Projects

Projects

For a sense of the expansive possibilities enabled by digital technologies, peruse these digital humanities projects created at Barnard, whether at the DHC, with colleagues at Columbia, or independently.

Digital Humanities provides an essential understanding of the ways that technology can expand the scope of research, teaching and public engagement in the humanities: accommodating data, combining disciplines, connecting thinkers, and democratizing thought in capacious ways.

Summer 2020 - present

Writing Home

"Writing Home" is a podcast featuring contemporary cultural actors in conversation with Kaiama Glover and Tami Navarro about the experience of Caribbean diaspora. A virtual extension of their "live" Critical Caribbean Feminism events, "Writing Home" traces the geographies of resistance that ground our feminist practices of diaspora through dialogue with Caribbean feminist scholars, artists, and activists. Featured guests include Naomi Jackson, Alexis Gumbs, and Staceyann Chin. 

Creator(s): Kaiama Glover, Tami Navarro (BCRW), Rachel James (Media Center), Miriam Neptune

2019-2022

Undesign the Redline @ Barnard

Undesign the Redline @ Barnard is an interactive exhibition combining history, art, and storytelling with community outreach and collaboration in order to reckon with systemic racism by examining the legacy of redlining in Barnard and Columbia’s neighborhood. Working with Designing the WE, a local social design studio, members of Barnard’s neighborhood, including faculty, students, and unaffiliated community members, created a collaborative exhibition tracing the history of redlining in Morningside Heights and Harlem to its present day legacies. The #barnardundesign Syllabus is a crowdsourced list of resources related to redlining and its impacts. 

Creator(s): See the collaborators page for a full list of the community member, faculty, staff, and student contributors.

2018-2021

Nos Cambió La Vida (Our Lives Transformed)

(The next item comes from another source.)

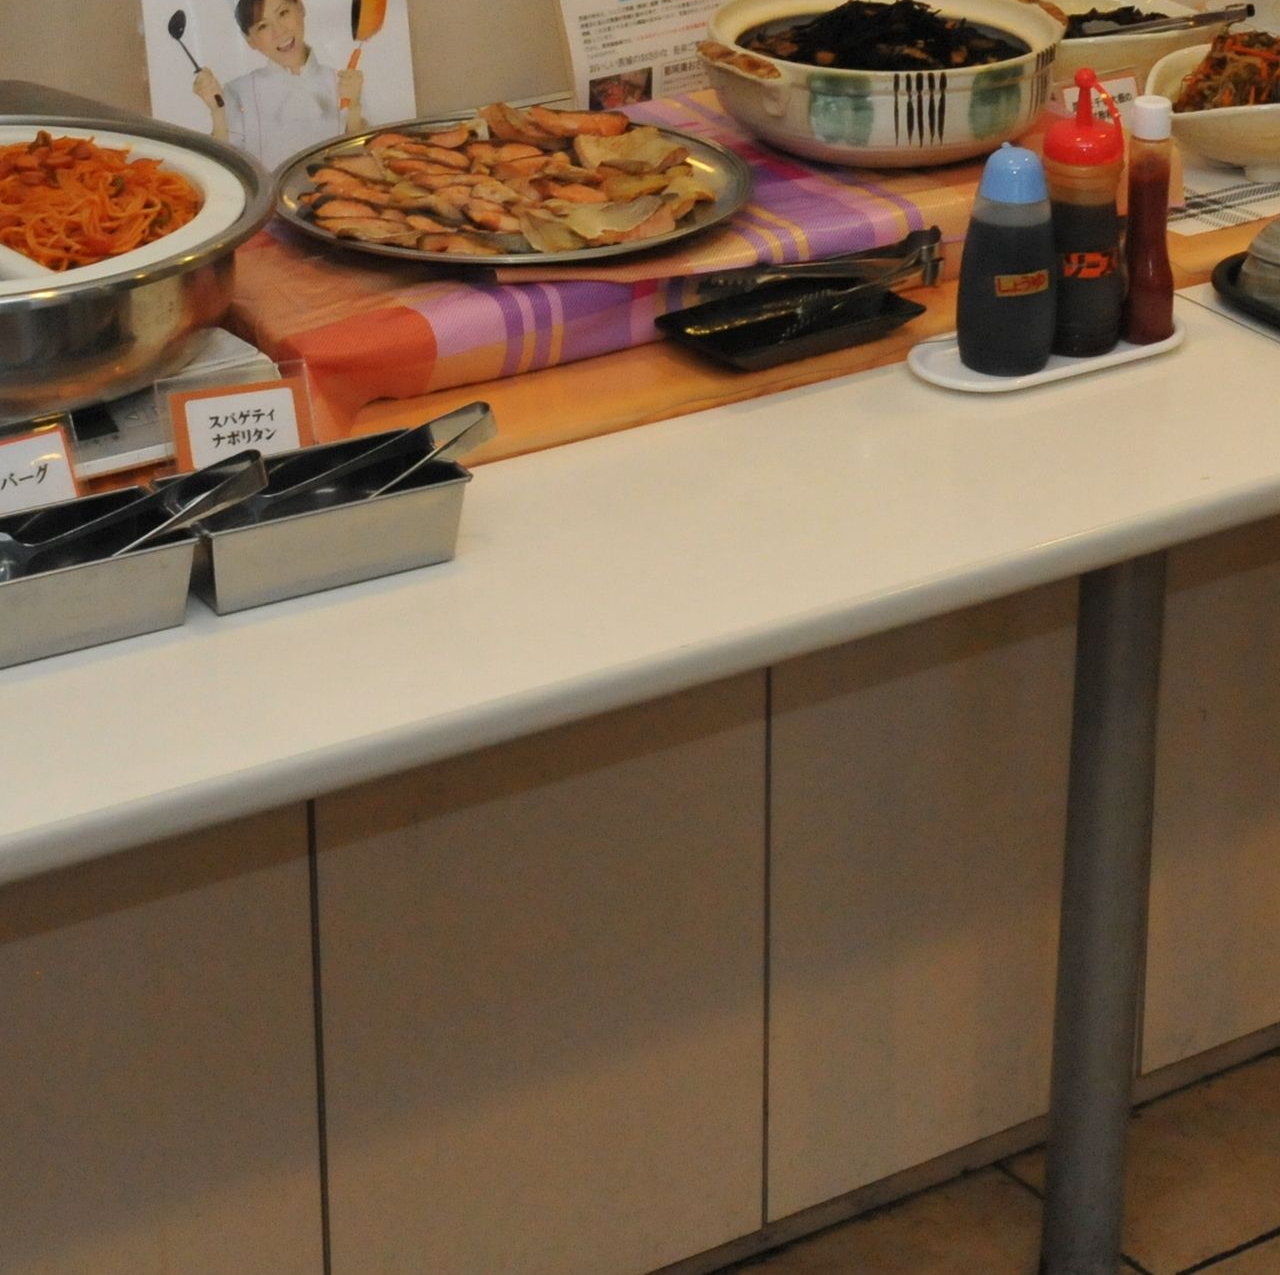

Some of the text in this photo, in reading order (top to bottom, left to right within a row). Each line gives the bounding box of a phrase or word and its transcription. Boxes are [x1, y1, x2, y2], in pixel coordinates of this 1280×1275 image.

Nos Cambió La Vida is a digital edition of short autobiographical narratives written by Dominican writers of Haitian descent that have been translated into English. These stories were originally compiled into a book in 2017 and published in the Dominican Republic after a series of workshops for participating writers to share and work through their life stories. Collectively these stories illustrate the various impacts, personal and systemic, that White Supremacy has had on their lives on the island and beyond.

Creator(s): See the acknowledgments page on noscamb.io for a full list of the authors, translators, and technologists for this project. 

Summer 2021

Digital Humanities and the Climate Crisis, a manifesto

The digital is material. As digital humanists, every project we create, every software application we use, every piece of hardware we purchase impacts our environment. In this document we aim to surface the ecological impacts of our work while learning with and from our DH community about ways to reduce harm to the environment and to the people most impacted by environmental injustices.

Creator(s):  Anne Baillot, James Baker, Madiha Zahrah Choksi, Alex Gil, Ana Lam, Alicia Peaker, Walter Scholger, Torsten Roeder, Jo Lindsay Walton

Spring - Summer 2021

The Love Space Demands - 空间需求的爱

This digital zine was created as part of Shange Magic, a project led by Barnard students, staff and faculty in the department of Africana Studies, Barnard Archives, and the Barnard Library in celebration of the life and legacy of Ntozake Shange 2021.

Creator(s): Jasmine Zou (Translator), Elizabeth Burton (Designer), Alejandro Álvarez Nieves (Translation Facilitator), Nia Ashley (Shange Magic Project Coordinator), Vani Natarajan (TLSD Coordinator), Alicia Peaker (DHC Consultant)

Spring 2021

COVID-19 Timeline for the Healing Histories Project

The COVID-19 Timeline project tracks the way that histories of white supremacy, racial capitalism, misogyny, ableism, economic injustice and conditional access to care shapes the US response to COVID-19. The DHC helped customize the design and functionality of the COVID-19 Timeline, built with TimelineJS.